端粒是位于染色體末端的DNA片段，具有穩定染色體結構的功能。端粒酶是重新合成端粒DNA片段的一種核糖核酸蛋白酶，其能維持端粒的長度和功能，使細胞永生化成為癌細胞。端粒酶活性的高低與腫瘤的分化程度有相關性。Hiyama等［8］報道，140例乳腺癌患者中端粒酶陰性者較端粒酶陽性者病程分期早，淋巴結轉移率低，腫瘤體積小。Al-banell等［9］對99例原發性肺癌患者的研究也顯示，腫瘤組織端粒酶活性與腫瘤的臨床生物學行為密切相關。劉興凱等［10］對腎上腺皮質腫瘤中端粒酶的研究表明，端粒酶活性表達反映了腫瘤細胞的惡性行為，端粒酶活性檢測可望成為腎上腺皮質腫瘤良惡性診斷的一種有用方法。Murakami等［11］的研究發現，92%的惡性卵巢腫瘤呈端粒酶陽性，且分化差的惡性腫瘤酶活性明顯高于其他腫瘤。研究證實，膀胱癌組織中端粒酶活性陽性率達為86%～100%，而正常膀胱組織中均呈陰性［12-13］。

膀胱癌的復發［14］和轉移［15］一直是困擾醫學界的難題，而且常常伴隨復發的是級別的升高、浸潤性的增強和轉移的出現。所以如能早期、準確地對有轉移可能的患者進行判斷和監測，發現腫瘤細胞的存在［16］，對治療方案的確立和對預后的評價都有積極的意義，就有可能幫助我們提高患者的5年生存率，延長生命。由于端粒酶在膀胱腫瘤組織表達的普遍性與特異性，本實驗選擇其作為監測膀胱腫瘤治療效果及復發的指標，通過檢測絲裂霉素膀胱灌注前后膀胱腫瘤組織的端粒酶活性，來觀察絲裂霉素對膀胱癌細胞的殺傷作用，證實了化療藥物可明顯抑制端粒酶的表達。因此，本實驗認為，監測抗腫瘤前后端粒酶表達水平，可以為臨床預測膀胱灌注效果，合理選擇抗腫瘤藥物，減少不合適患者的藥物副作用和不必要的資源浪費，為個體化治療提供實驗依據。

從實驗的結果來分析，浸潤性膀胱癌患者絲裂霉素膀胱灌注后端粒酶活性下降顯著低于非浸潤性膀胱癌患者，其差異有顯著性，P＜0.05;腫瘤直徑＞3cm膀胱癌患者絲裂霉素膀胱灌注后端粒酶活性下降顯著低于腫瘤直徑≤3cm膀胱癌患者，差異也有顯著性，P＜0.05。
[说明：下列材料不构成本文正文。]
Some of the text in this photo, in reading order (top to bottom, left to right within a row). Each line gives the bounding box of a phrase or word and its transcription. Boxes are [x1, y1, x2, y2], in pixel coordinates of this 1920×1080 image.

結果說明絲裂霉素膀胱灌注對膀胱腫瘤的殺傷效果與膀胱腫瘤大小和臨床分期有著明確的關系。從以往臨床資料和經驗，并結合文獻報道，肌層浸潤性膀胱癌多存在潛在和明確的轉移［17］，這也是其5年生存率一直很難提高的一個重要原因。根據實驗結果我們發現，在浸潤性膀胱癌患者中膀胱灌注的療效明顯低于非浸潤性膀胱癌患者，該結果與肌層浸潤性膀胱癌更易轉移的現象有明顯相關性。當膀胱腫瘤較大或浸潤至肌層，絲裂霉素膀胱灌注時對腫瘤細胞的持續殺傷作用不完全，因此可能影響效果，表現在端粒酶活性下降幅度較低。
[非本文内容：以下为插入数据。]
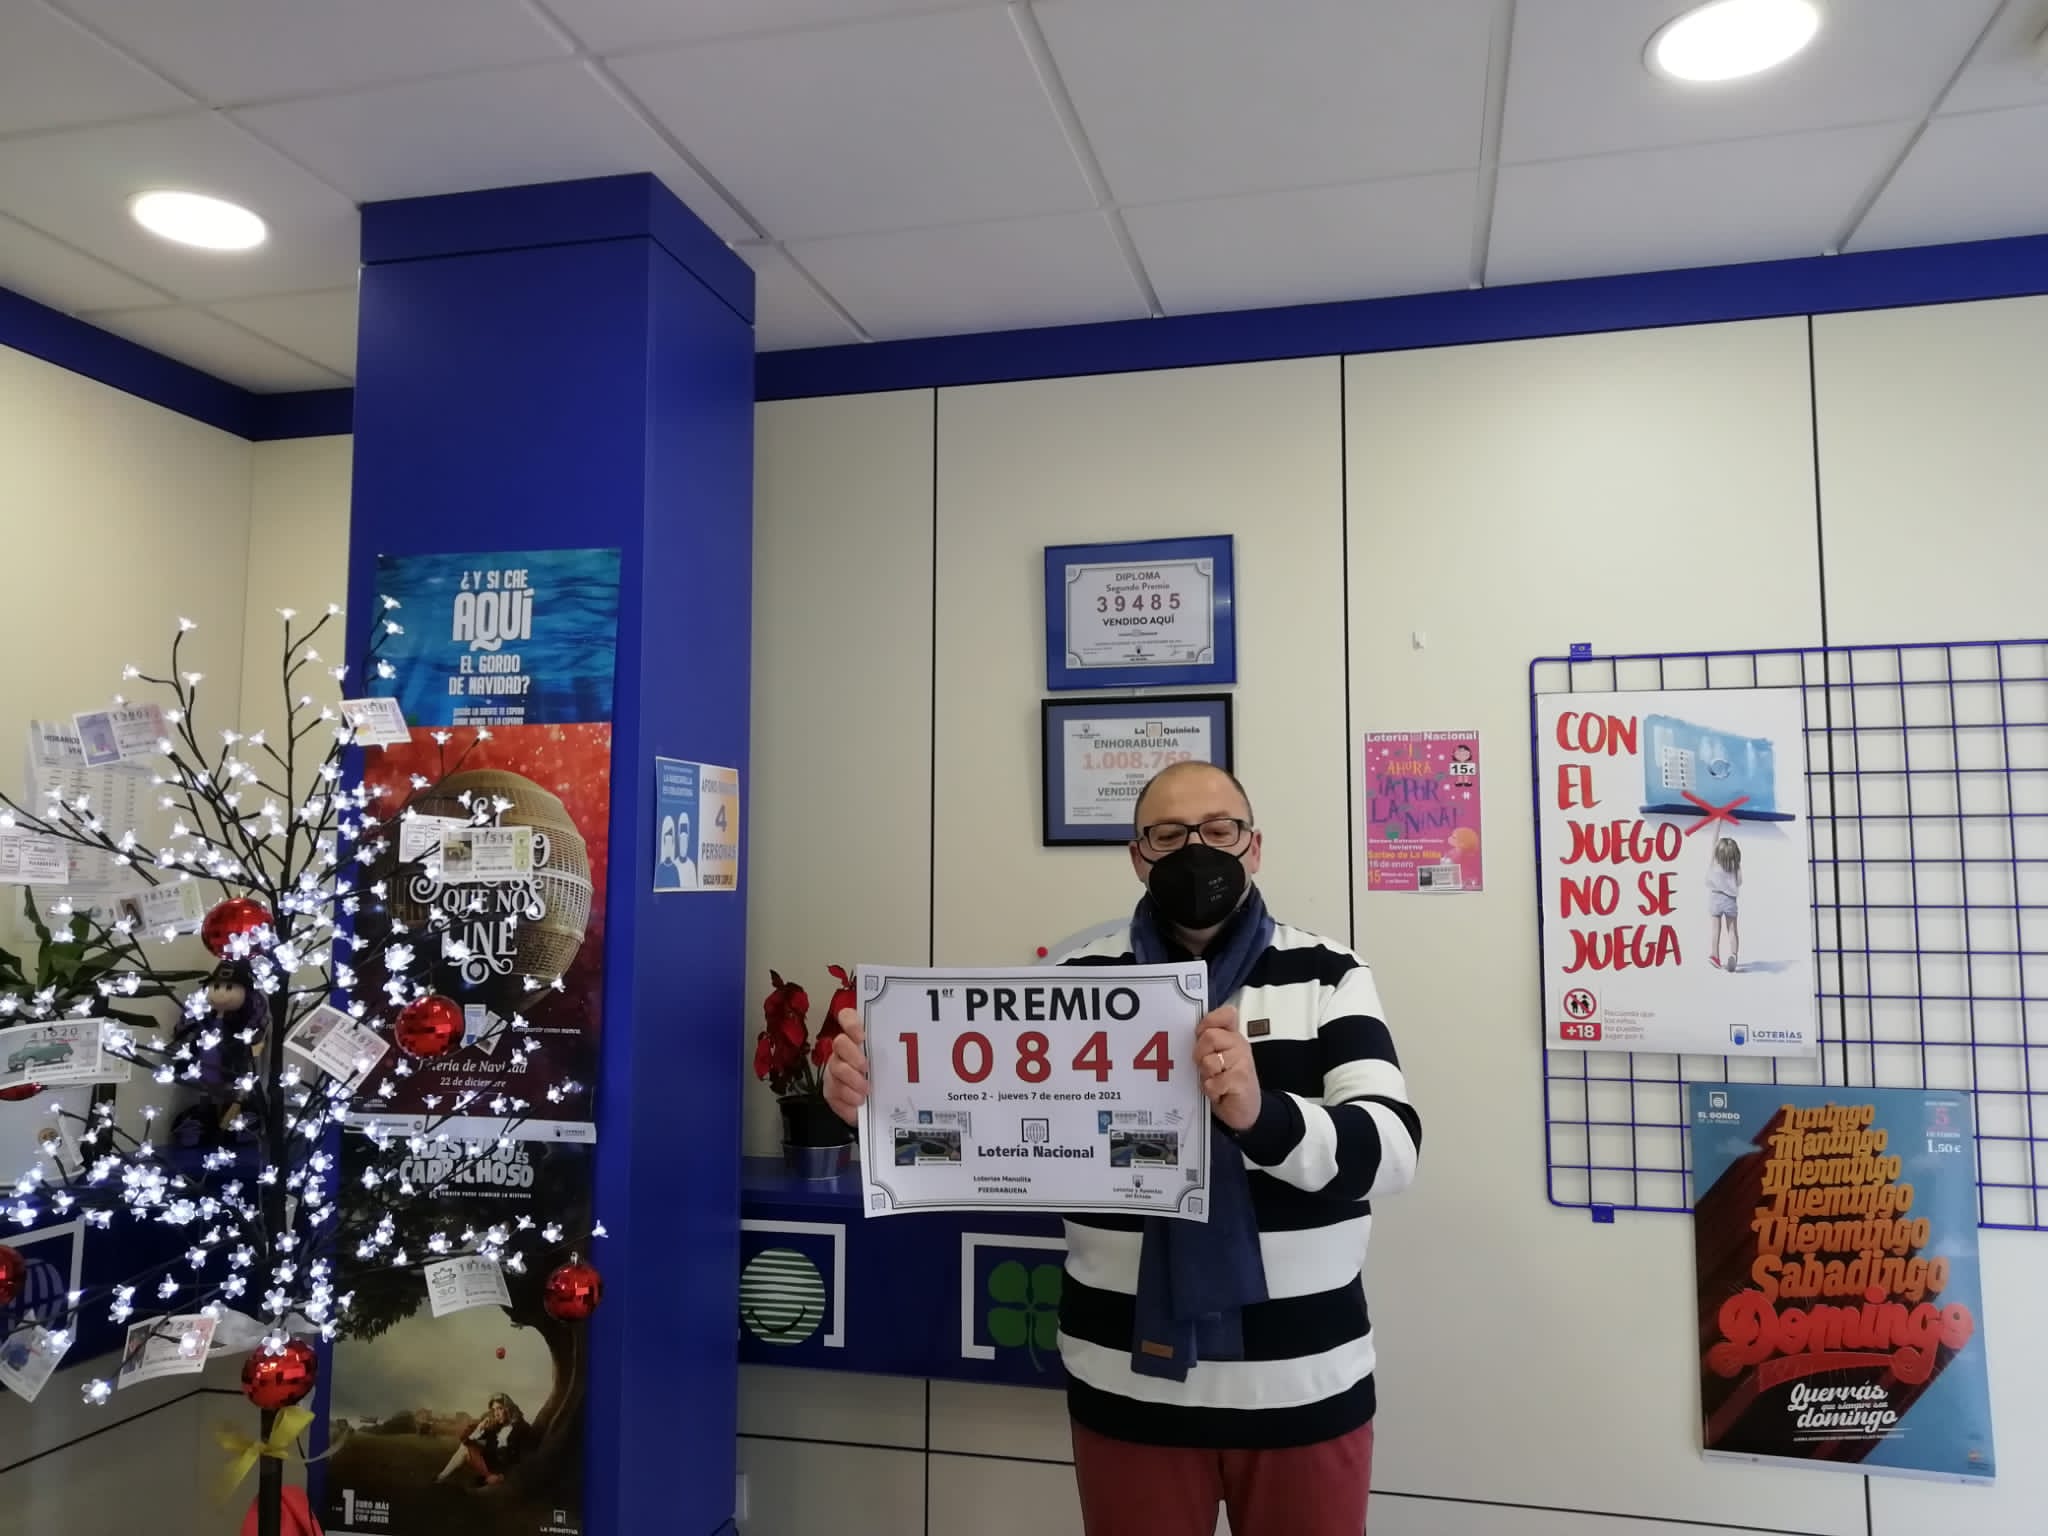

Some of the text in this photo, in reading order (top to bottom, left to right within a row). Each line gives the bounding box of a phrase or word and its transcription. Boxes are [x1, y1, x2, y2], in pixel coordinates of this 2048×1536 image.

[487, 570, 500, 589] SI
[504, 569, 528, 589] CAE
[1116, 571, 1160, 581] DIPLOMA
[1106, 582, 1170, 593] Segundo Premio
[453, 588, 534, 651] AQUÍ
[1103, 614, 1175, 626] VENDIDO AQUÍ
[460, 655, 520, 674] EL GORDO
[449, 675, 530, 695] DE NAVIDAD?
[1134, 726, 1200, 735] La Quiniela
[1423, 731, 1477, 741] Nacional
[1556, 711, 1637, 756] CON
[1094, 738, 1179, 749] ENHORABUENA
[1557, 763, 1602, 810] EL
[715, 804, 727, 832] 4
[1560, 819, 1682, 865] JUEGO
[443, 888, 489, 915] QUE
[1560, 871, 1678, 919] NO SE
[1562, 924, 1682, 973] JUEGA
[966, 987, 1140, 1021] PREMIO
[1566, 1025, 1594, 1038] +18
[1752, 1029, 1803, 1039] LOTERÍAS
[465, 1059, 476, 1073] de
[440, 1077, 451, 1086] 22
[453, 1077, 463, 1086] de
[947, 1092, 979, 1101] Sorteo
[981, 1091, 987, 1100] 2
[998, 1092, 1029, 1102] jueves
[1031, 1091, 1037, 1100] 7
[1039, 1091, 1051, 1101] de
[1053, 1093, 1082, 1101] enero
[1084, 1091, 1096, 1101] de
[1098, 1091, 1121, 1101] 2021
[1698, 1111, 1740, 1120] EL GORDO
[978, 1144, 1094, 1159] Lotería Nacional
[400, 1159, 534, 1188] CAPRICHOSO
[1002, 1174, 1032, 1183] Manolita
[1752, 1250, 1949, 1303] Sabadingo
[1708, 1287, 1975, 1384] Domingo
[1787, 1380, 1888, 1411] Querrás
[1797, 1407, 1898, 1433] domingo
[342, 1489, 355, 1525] 1
所有膀胱癌患者經過3年隨訪，分為復發或轉移組和臨床治愈組，經統計分析發現，復發或轉移組絲裂霉素膀胱灌注后端粒酶活性下降幅度較小;而臨床痊愈組端粒酶活性下降明顯，兩者差異有顯著性(P＜0.05)。這表明絲裂霉素敏感者預后佳，證明絲裂霉素對膀胱癌的治療及預防復發有顯著作用，能有效地抑制膀胱癌組織的細胞端粒酶活性，誘導腫瘤細胞凋亡［18］。對于絲裂霉素膀胱灌注后端粒酶活性下降小者，可加強術后檢查監測，必要時行膀胱鏡檢查，若有復發早期發現。同時也可選擇其他化療藥物，如羥喜樹堿、阿霉素等膀胱灌注，或許會取得一定的療效。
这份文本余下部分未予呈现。